Taking a tough, and closely watched, payer approach to new drugs
Name: Carole Longson
Title: Director, Center for Health Technology Evaluation, NICE
Since its inception in 2000, NICE has stirred up a furor, touched off a firestorm, inspired an outcry--choose any metaphor for controversy, and it's been used to describe the reactions to yes-or-no decisions by the cost-effectiveness watchdog. Though Sir Andrew Dillon is the titular head of NICE and its usual high-level face, someone else stands in the thick of the treatment-assessment process: Carole Longson, who directs the unit in charge of sifting the evidence on drugs--and crunching the numbers on their costs.

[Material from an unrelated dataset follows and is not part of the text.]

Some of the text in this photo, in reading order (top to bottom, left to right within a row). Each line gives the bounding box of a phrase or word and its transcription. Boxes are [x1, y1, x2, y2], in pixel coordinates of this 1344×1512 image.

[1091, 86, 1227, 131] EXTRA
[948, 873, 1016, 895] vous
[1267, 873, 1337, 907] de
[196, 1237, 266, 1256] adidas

Longson is the person who publicly explains why NICE recommends a treatment--or not. Her statements are the measured, intelligent words of a researcher-turned-government official--she worked for 8 years at GlaxoSmithKline ($GSK)--but they're quite blunt as well. In rejecting Savient Pharmaceuticals' gout drug recently, she said, "There was considerable uncertainty about the long-term efficacy and safety of [Krystexxa], and a very high cost compared with the known benefit." In other words, we're not sure it works, not sure it's safe--and it's expensive, too.

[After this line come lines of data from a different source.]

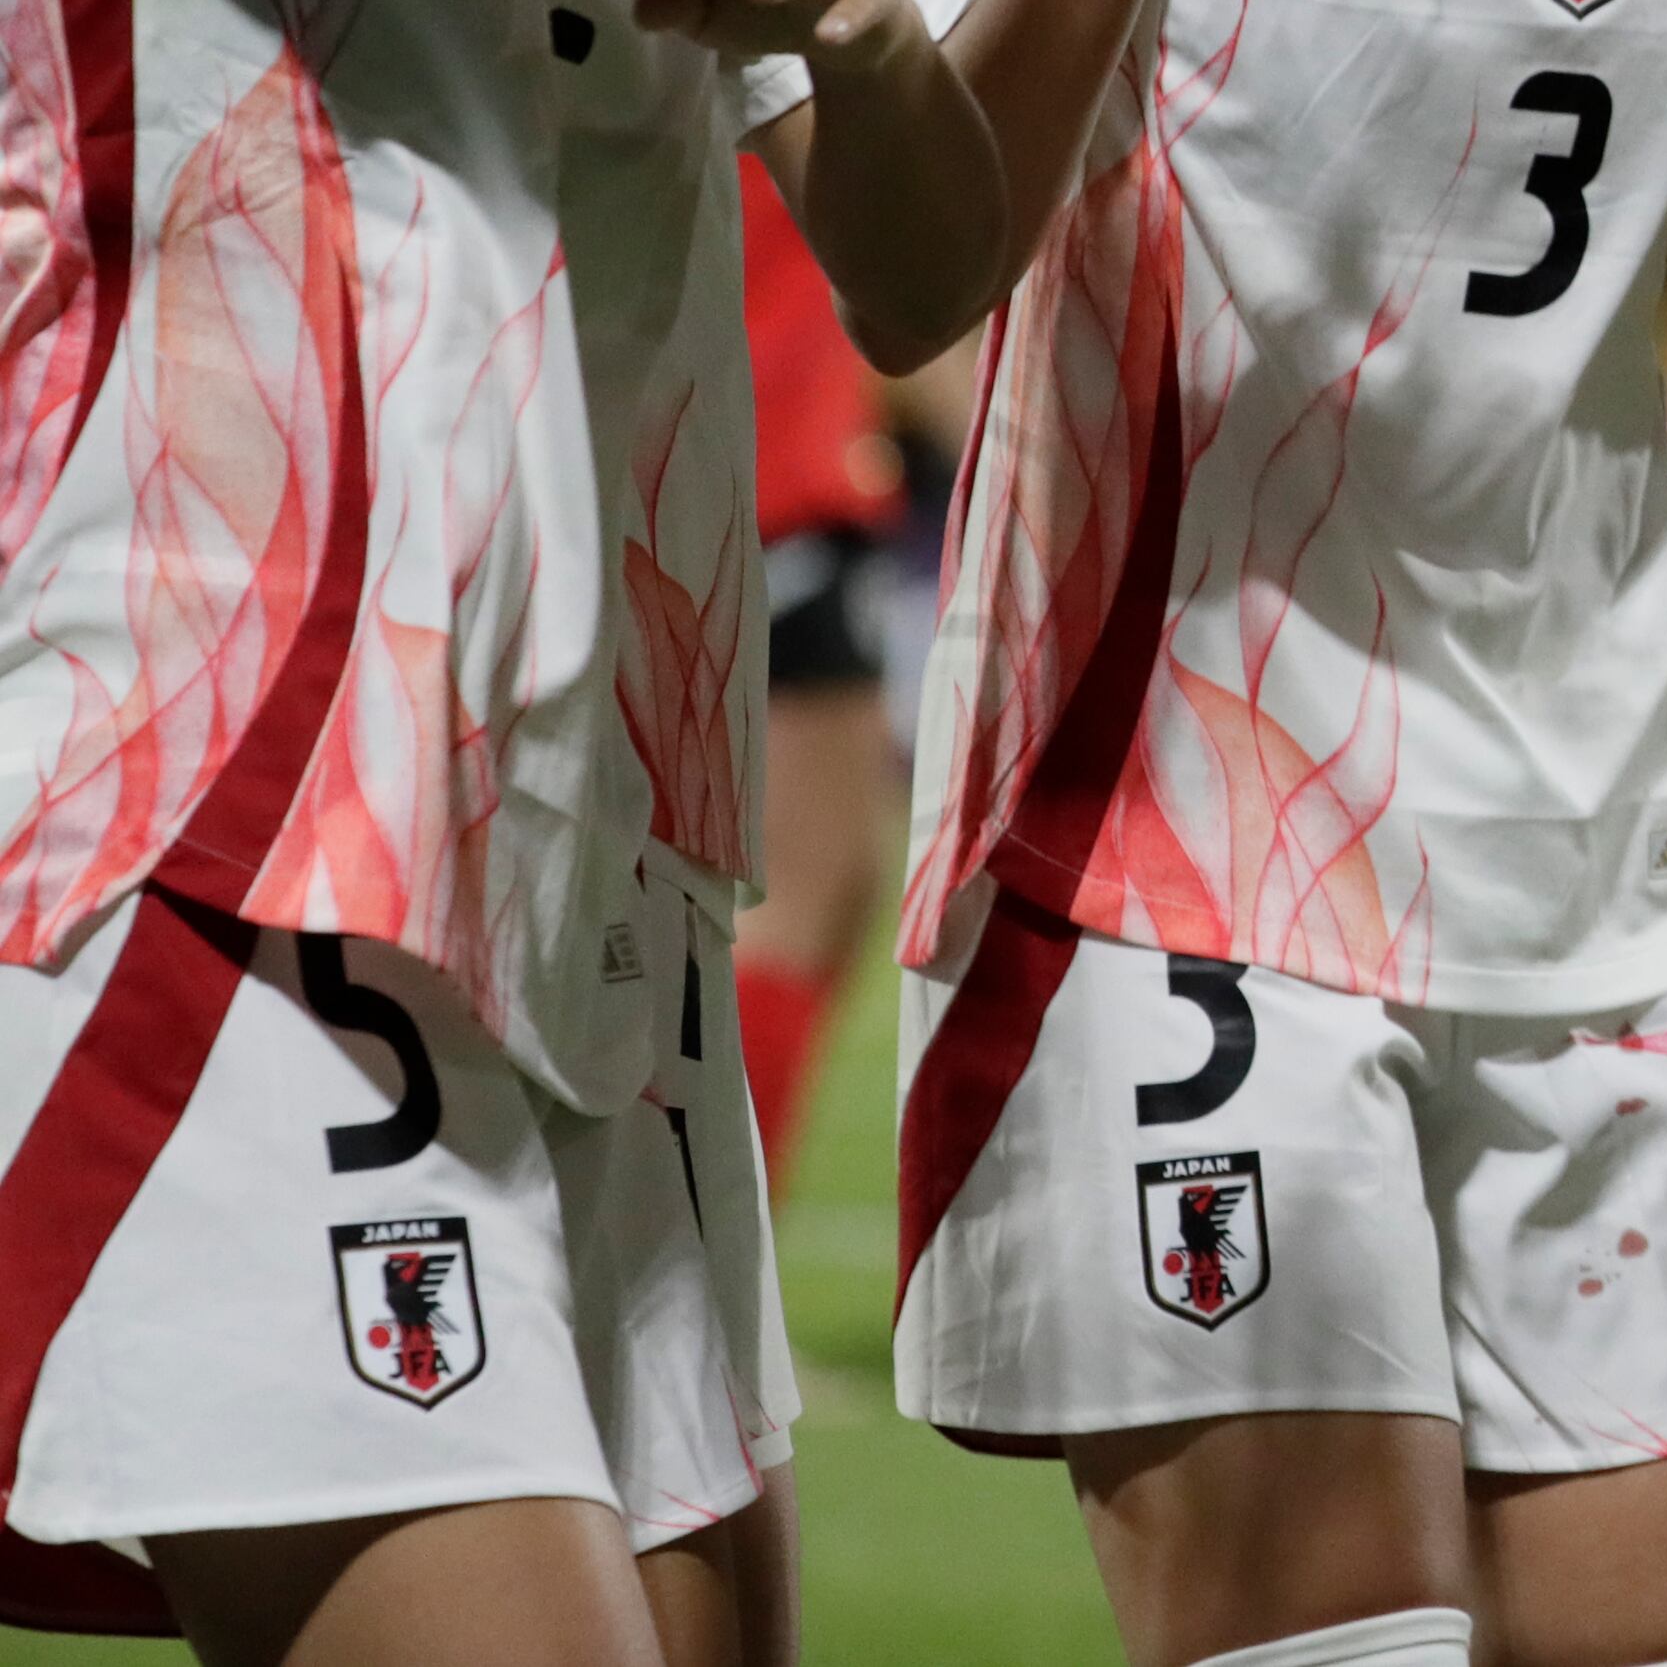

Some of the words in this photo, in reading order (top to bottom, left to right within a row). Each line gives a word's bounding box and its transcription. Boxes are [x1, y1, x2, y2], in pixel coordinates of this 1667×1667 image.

[1463, 70, 1613, 317] 3
[1162, 1156, 1231, 1179] JAPAN
[361, 1221, 440, 1244] JAPAN
[1179, 1273, 1236, 1303] JFA
[388, 1348, 453, 1380] JFA

Longson has said similar things about other drugs. And because NICE's blessing is required for National Health Service patients to have easy access to a treatment, those statements trigger complaint and criticism from the media, from patient groups, and from drugmakers. Nowhere has this been more evident than in oncology, where NICE and its assessment committee have rejected one pricey treatment after another, unsatisfied with their cost-benefit balance.
When Longson speaks at conferences and meetings, she likes to talk about "consulting with stakeholders" and "maintaining an innovation-friendly environment." What that means is working with drugmakers to get the right kind of data, which isn't as easy as it may sound. The agency called InterMune's ($ITMN) trials on Esbriet too short for comfort, and it took issue with analyses put forward by Bristol-Myers Squibb ($BMY) and AstraZeneca ($AZN) in support of their new diabetes drug Forxiga.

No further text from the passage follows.